WHAT TO WORK ON: A word-for-word transcription of every record is needed.

DATASET:
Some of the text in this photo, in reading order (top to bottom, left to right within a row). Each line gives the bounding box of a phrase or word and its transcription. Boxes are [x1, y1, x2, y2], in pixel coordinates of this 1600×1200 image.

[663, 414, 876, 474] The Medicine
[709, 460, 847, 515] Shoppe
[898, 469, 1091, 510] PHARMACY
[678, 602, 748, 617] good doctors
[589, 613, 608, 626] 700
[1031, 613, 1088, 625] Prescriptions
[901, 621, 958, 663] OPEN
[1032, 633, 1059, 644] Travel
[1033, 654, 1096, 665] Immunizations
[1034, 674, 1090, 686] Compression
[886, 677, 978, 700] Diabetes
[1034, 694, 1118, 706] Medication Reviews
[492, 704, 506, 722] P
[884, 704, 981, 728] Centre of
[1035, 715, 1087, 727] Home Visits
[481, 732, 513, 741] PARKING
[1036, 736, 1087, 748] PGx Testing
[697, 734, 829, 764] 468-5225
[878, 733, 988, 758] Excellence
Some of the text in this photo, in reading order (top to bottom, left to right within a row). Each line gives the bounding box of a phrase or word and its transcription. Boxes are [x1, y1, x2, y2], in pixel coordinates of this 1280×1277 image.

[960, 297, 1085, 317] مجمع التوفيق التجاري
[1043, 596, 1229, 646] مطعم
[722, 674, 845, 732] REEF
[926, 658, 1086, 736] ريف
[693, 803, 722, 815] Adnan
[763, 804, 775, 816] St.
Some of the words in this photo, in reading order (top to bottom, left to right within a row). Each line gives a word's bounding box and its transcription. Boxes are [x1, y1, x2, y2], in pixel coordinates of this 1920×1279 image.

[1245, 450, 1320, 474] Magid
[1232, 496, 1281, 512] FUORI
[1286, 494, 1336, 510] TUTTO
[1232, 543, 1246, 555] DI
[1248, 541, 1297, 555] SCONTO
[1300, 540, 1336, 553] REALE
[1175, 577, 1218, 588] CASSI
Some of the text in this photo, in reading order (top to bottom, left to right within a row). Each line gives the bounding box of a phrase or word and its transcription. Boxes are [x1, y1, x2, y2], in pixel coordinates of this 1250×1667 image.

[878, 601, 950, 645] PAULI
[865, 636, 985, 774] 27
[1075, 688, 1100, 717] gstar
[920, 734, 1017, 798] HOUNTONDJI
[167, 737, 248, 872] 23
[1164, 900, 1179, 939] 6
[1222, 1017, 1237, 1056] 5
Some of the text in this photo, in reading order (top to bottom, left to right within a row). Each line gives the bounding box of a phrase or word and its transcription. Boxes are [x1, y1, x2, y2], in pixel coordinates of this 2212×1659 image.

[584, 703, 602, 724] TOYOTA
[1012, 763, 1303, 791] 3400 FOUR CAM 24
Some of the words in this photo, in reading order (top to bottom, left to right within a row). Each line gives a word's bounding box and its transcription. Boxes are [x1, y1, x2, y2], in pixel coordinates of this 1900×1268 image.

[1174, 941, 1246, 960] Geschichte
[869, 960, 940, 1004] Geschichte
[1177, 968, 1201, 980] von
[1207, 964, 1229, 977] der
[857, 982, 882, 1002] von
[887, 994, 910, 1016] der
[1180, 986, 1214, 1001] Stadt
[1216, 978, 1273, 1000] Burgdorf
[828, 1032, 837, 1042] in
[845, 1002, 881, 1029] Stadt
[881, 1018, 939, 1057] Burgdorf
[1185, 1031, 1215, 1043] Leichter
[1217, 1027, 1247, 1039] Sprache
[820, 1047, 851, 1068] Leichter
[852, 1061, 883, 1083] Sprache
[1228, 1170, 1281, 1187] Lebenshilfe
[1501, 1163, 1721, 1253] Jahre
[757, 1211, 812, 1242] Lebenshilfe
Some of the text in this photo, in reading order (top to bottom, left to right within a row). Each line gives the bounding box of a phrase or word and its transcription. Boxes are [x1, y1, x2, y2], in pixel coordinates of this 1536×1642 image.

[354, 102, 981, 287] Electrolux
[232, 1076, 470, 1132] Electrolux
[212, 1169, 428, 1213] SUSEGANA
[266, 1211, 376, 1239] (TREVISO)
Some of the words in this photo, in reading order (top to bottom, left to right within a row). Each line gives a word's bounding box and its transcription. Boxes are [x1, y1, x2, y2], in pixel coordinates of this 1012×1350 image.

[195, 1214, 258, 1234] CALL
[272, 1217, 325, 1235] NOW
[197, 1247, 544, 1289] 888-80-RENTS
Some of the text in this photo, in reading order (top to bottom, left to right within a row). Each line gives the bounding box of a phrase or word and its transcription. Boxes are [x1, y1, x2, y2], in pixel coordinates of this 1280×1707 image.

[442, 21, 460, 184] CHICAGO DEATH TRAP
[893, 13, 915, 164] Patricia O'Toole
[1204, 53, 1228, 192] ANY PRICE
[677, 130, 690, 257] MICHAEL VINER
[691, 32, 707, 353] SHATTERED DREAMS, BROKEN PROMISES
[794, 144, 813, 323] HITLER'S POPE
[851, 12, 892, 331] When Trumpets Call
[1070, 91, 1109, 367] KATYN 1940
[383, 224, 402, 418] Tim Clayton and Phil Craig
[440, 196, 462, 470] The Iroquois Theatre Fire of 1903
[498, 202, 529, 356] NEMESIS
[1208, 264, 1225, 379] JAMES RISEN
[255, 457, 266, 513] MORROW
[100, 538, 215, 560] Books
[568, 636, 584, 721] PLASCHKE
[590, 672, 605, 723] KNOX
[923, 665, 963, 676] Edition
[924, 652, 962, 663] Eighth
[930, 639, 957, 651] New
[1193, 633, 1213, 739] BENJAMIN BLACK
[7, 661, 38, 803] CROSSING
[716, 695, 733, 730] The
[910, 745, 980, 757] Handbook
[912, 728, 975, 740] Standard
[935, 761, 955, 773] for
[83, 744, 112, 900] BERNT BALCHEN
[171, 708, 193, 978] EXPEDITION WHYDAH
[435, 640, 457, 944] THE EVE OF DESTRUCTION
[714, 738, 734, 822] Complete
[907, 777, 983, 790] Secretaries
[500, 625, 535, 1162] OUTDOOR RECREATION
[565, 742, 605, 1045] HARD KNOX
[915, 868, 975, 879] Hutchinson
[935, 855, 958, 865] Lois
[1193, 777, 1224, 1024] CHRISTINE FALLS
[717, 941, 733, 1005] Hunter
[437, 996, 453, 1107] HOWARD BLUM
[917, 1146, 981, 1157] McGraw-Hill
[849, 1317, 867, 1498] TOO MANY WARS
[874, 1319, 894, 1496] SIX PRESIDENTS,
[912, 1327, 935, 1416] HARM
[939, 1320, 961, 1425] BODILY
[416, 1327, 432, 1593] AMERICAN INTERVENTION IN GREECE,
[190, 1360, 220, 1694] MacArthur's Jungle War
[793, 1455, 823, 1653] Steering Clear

RESPONSE:
Some of the text in this photo, in reading order (top to bottom, left to right within a row). Each line gives the bounding box of a phrase or word and its transcription. Boxes are [x1, y1, x2, y2], in pixel coordinates of this 1600×1200 image.

[663, 414, 876, 474] The Medicine
[709, 460, 847, 515] Shoppe
[898, 469, 1091, 510] PHARMACY
[678, 602, 748, 617] good doctors
[589, 613, 608, 626] 700
[1031, 613, 1088, 625] Prescriptions
[901, 621, 958, 663] OPEN
[1032, 633, 1059, 644] Travel
[1033, 654, 1096, 665] Immunizations
[1034, 674, 1090, 686] Compression
[886, 677, 978, 700] Diabetes
[1034, 694, 1118, 706] Medication Reviews
[492, 704, 506, 722] P
[884, 704, 981, 728] Centre of
[1035, 715, 1087, 727] Home Visits
[481, 732, 513, 741] PARKING
[1036, 736, 1087, 748] PGx Testing
[697, 734, 829, 764] 468-5225
[878, 733, 988, 758] Excellence
Some of the text in this photo, in reading order (top to bottom, left to right within a row). Each line gives the bounding box of a phrase or word and its transcription. Boxes are [x1, y1, x2, y2], in pixel coordinates of this 1280×1277 image.

[960, 297, 1085, 317] مجمع التوفيق التجاري
[1043, 596, 1229, 646] مطعم
[722, 674, 845, 732] REEF
[926, 658, 1086, 736] ريف
[693, 803, 722, 815] Adnan
[763, 804, 775, 816] St.
Some of the words in this photo, in reading order (top to bottom, left to right within a row). Each line gives a word's bounding box and its transcription. Boxes are [x1, y1, x2, y2], in pixel coordinates of this 1920×1279 image.

[1245, 450, 1320, 474] Magid
[1232, 496, 1281, 512] FUORI
[1286, 494, 1336, 510] TUTTO
[1232, 543, 1246, 555] DI
[1248, 541, 1297, 555] SCONTO
[1300, 540, 1336, 553] REALE
[1175, 577, 1218, 588] CASSI
Some of the text in this photo, in reading order (top to bottom, left to right within a row). Each line gives the bounding box of a phrase or word and its transcription. Boxes are [x1, y1, x2, y2], in pixel coordinates of this 1250×1667 image.

[878, 601, 950, 645] PAULI
[865, 636, 985, 774] 27
[1075, 688, 1100, 717] gstar
[920, 734, 1017, 798] HOUNTONDJI
[167, 737, 248, 872] 23
[1164, 900, 1179, 939] 6
[1222, 1017, 1237, 1056] 5
Some of the text in this photo, in reading order (top to bottom, left to right within a row). Each line gives the bounding box of a phrase or word and its transcription. Boxes are [x1, y1, x2, y2], in pixel coordinates of this 2212×1659 image.

[584, 703, 602, 724] TOYOTA
[1012, 763, 1303, 791] 3400 FOUR CAM 24
Some of the words in this photo, in reading order (top to bottom, left to right within a row). Each line gives a word's bounding box and its transcription. Boxes are [x1, y1, x2, y2], in pixel coordinates of this 1900×1268 image.

[1174, 941, 1246, 960] Geschichte
[869, 960, 940, 1004] Geschichte
[1177, 968, 1201, 980] von
[1207, 964, 1229, 977] der
[857, 982, 882, 1002] von
[887, 994, 910, 1016] der
[1180, 986, 1214, 1001] Stadt
[1216, 978, 1273, 1000] Burgdorf
[828, 1032, 837, 1042] in
[845, 1002, 881, 1029] Stadt
[881, 1018, 939, 1057] Burgdorf
[1185, 1031, 1215, 1043] Leichter
[1217, 1027, 1247, 1039] Sprache
[820, 1047, 851, 1068] Leichter
[852, 1061, 883, 1083] Sprache
[1228, 1170, 1281, 1187] Lebenshilfe
[1501, 1163, 1721, 1253] Jahre
[757, 1211, 812, 1242] Lebenshilfe
Some of the text in this photo, in reading order (top to bottom, left to right within a row). Each line gives the bounding box of a phrase or word and its transcription. Boxes are [x1, y1, x2, y2], in pixel coordinates of this 1536×1642 image.

[354, 102, 981, 287] Electrolux
[232, 1076, 470, 1132] Electrolux
[212, 1169, 428, 1213] SUSEGANA
[266, 1211, 376, 1239] (TREVISO)
Some of the words in this photo, in reading order (top to bottom, left to right within a row). Each line gives a word's bounding box and its transcription. Boxes are [x1, y1, x2, y2], in pixel coordinates of this 1012×1350 image.

[195, 1214, 258, 1234] CALL
[272, 1217, 325, 1235] NOW
[197, 1247, 544, 1289] 888-80-RENTS
Some of the text in this photo, in reading order (top to bottom, left to right within a row). Each line gives the bounding box of a phrase or word and its transcription. Boxes are [x1, y1, x2, y2], in pixel coordinates of this 1280×1707 image.

[442, 21, 460, 184] CHICAGO DEATH TRAP
[893, 13, 915, 164] Patricia O'Toole
[1204, 53, 1228, 192] ANY PRICE
[677, 130, 690, 257] MICHAEL VINER
[691, 32, 707, 353] SHATTERED DREAMS, BROKEN PROMISES
[794, 144, 813, 323] HITLER'S POPE
[851, 12, 892, 331] When Trumpets Call
[1070, 91, 1109, 367] KATYN 1940
[383, 224, 402, 418] Tim Clayton and Phil Craig
[440, 196, 462, 470] The Iroquois Theatre Fire of 1903
[498, 202, 529, 356] NEMESIS
[1208, 264, 1225, 379] JAMES RISEN
[255, 457, 266, 513] MORROW
[100, 538, 215, 560] Books
[568, 636, 584, 721] PLASCHKE
[590, 672, 605, 723] KNOX
[923, 665, 963, 676] Edition
[924, 652, 962, 663] Eighth
[930, 639, 957, 651] New
[1193, 633, 1213, 739] BENJAMIN BLACK
[7, 661, 38, 803] CROSSING
[716, 695, 733, 730] The
[910, 745, 980, 757] Handbook
[912, 728, 975, 740] Standard
[935, 761, 955, 773] for
[83, 744, 112, 900] BERNT BALCHEN
[171, 708, 193, 978] EXPEDITION WHYDAH
[435, 640, 457, 944] THE EVE OF DESTRUCTION
[714, 738, 734, 822] Complete
[907, 777, 983, 790] Secretaries
[500, 625, 535, 1162] OUTDOOR RECREATION
[565, 742, 605, 1045] HARD KNOX
[915, 868, 975, 879] Hutchinson
[935, 855, 958, 865] Lois
[1193, 777, 1224, 1024] CHRISTINE FALLS
[717, 941, 733, 1005] Hunter
[437, 996, 453, 1107] HOWARD BLUM
[917, 1146, 981, 1157] McGraw-Hill
[849, 1317, 867, 1498] TOO MANY WARS
[874, 1319, 894, 1496] SIX PRESIDENTS,
[912, 1327, 935, 1416] HARM
[939, 1320, 961, 1425] BODILY
[416, 1327, 432, 1593] AMERICAN INTERVENTION IN GREECE,
[190, 1360, 220, 1694] MacArthur's Jungle War
[793, 1455, 823, 1653] Steering Clear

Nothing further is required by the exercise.